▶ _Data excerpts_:
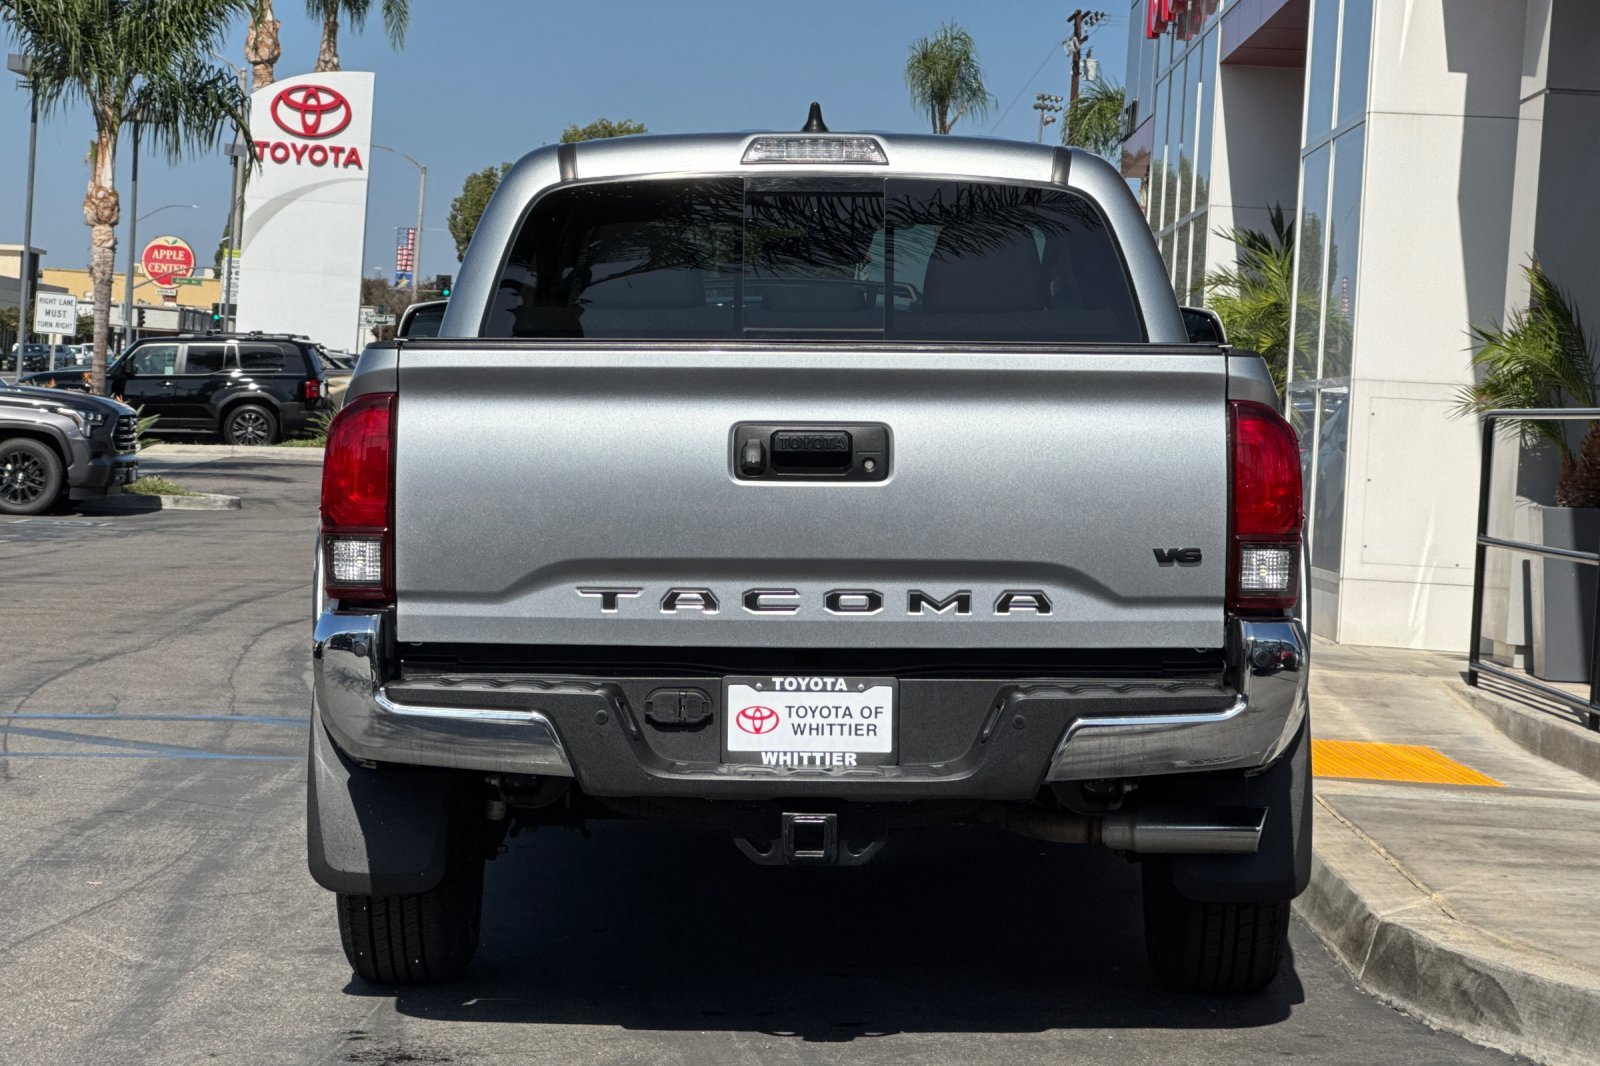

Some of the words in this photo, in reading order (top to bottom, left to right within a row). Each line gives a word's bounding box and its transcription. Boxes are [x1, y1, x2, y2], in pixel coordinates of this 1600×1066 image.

[254, 141, 363, 169] TOYOTA
[152, 249, 185, 261] APPLE
[148, 262, 187, 275] CENTER
[39, 297, 57, 305] RIGHT
[45, 309, 67, 318] MUST
[37, 320, 53, 328] TURN
[55, 321, 73, 330] RIGHT
[779, 436, 846, 450] TOYOTA
[1152, 547, 1202, 565] V6
[575, 586, 1054, 616] TACOMA
[772, 677, 848, 691] TOYOTA
[785, 705, 853, 719] TOYOTA
[860, 706, 885, 719] OF
[792, 723, 878, 737] WHITTIER
[761, 752, 857, 766] WHITTIER
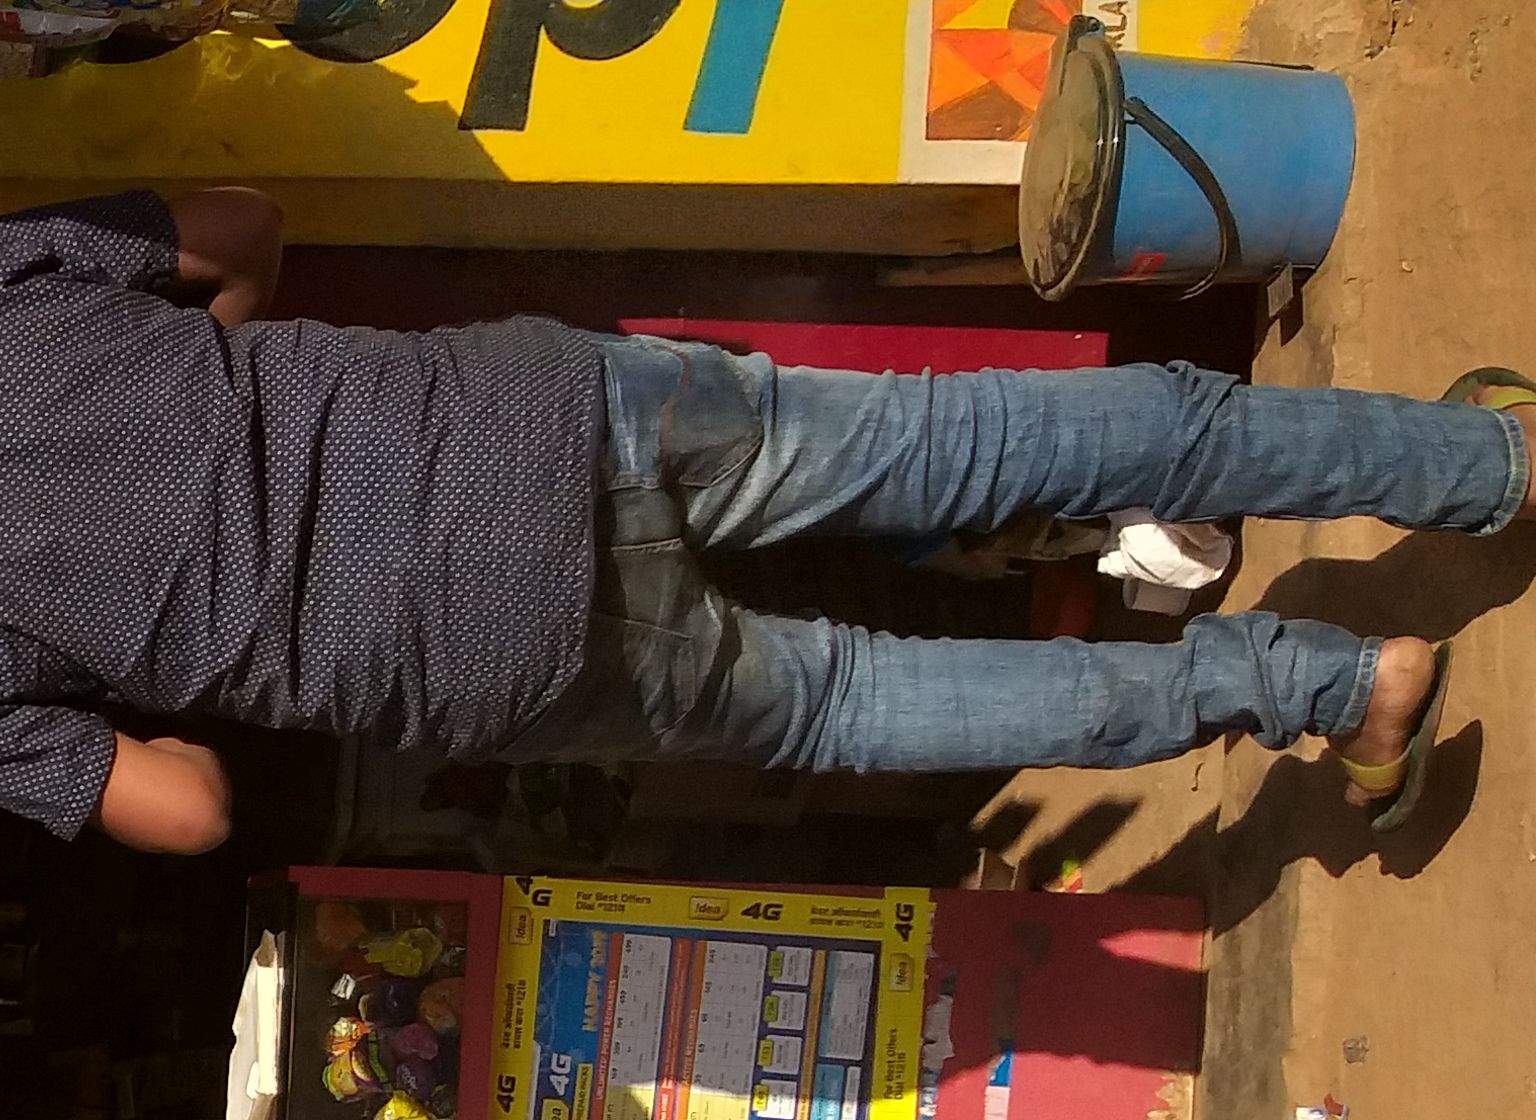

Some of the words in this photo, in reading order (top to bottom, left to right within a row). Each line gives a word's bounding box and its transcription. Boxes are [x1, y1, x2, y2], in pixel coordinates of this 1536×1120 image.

[740, 902, 783, 921] 4G
[894, 902, 915, 942] 4G
[548, 1052, 572, 1096] 4G
[884, 1058, 896, 1081] Best
[496, 1073, 516, 1113] 4G
[883, 1083, 895, 1100] For
[894, 1081, 905, 1100] Dial

▶ _Problem details_:
Quote every line of the records above exactly; no picture is to be copied.

▶ _Exercise solution_:
Some of the words in this photo, in reading order (top to bottom, left to right within a row). Each line gives a word's bounding box and its transcription. Boxes are [x1, y1, x2, y2], in pixel coordinates of this 1600×1066 image.

[254, 141, 363, 169] TOYOTA
[152, 249, 185, 261] APPLE
[148, 262, 187, 275] CENTER
[39, 297, 57, 305] RIGHT
[45, 309, 67, 318] MUST
[37, 320, 53, 328] TURN
[55, 321, 73, 330] RIGHT
[779, 436, 846, 450] TOYOTA
[1152, 547, 1202, 565] V6
[575, 586, 1054, 616] TACOMA
[772, 677, 848, 691] TOYOTA
[785, 705, 853, 719] TOYOTA
[860, 706, 885, 719] OF
[792, 723, 878, 737] WHITTIER
[761, 752, 857, 766] WHITTIER

Some of the words in this photo, in reading order (top to bottom, left to right within a row). Each line gives a word's bounding box and its transcription. Boxes are [x1, y1, x2, y2], in pixel coordinates of this 1536×1120 image.

[740, 902, 783, 921] 4G
[894, 902, 915, 942] 4G
[548, 1052, 572, 1096] 4G
[884, 1058, 896, 1081] Best
[496, 1073, 516, 1113] 4G
[883, 1083, 895, 1100] For
[894, 1081, 905, 1100] Dial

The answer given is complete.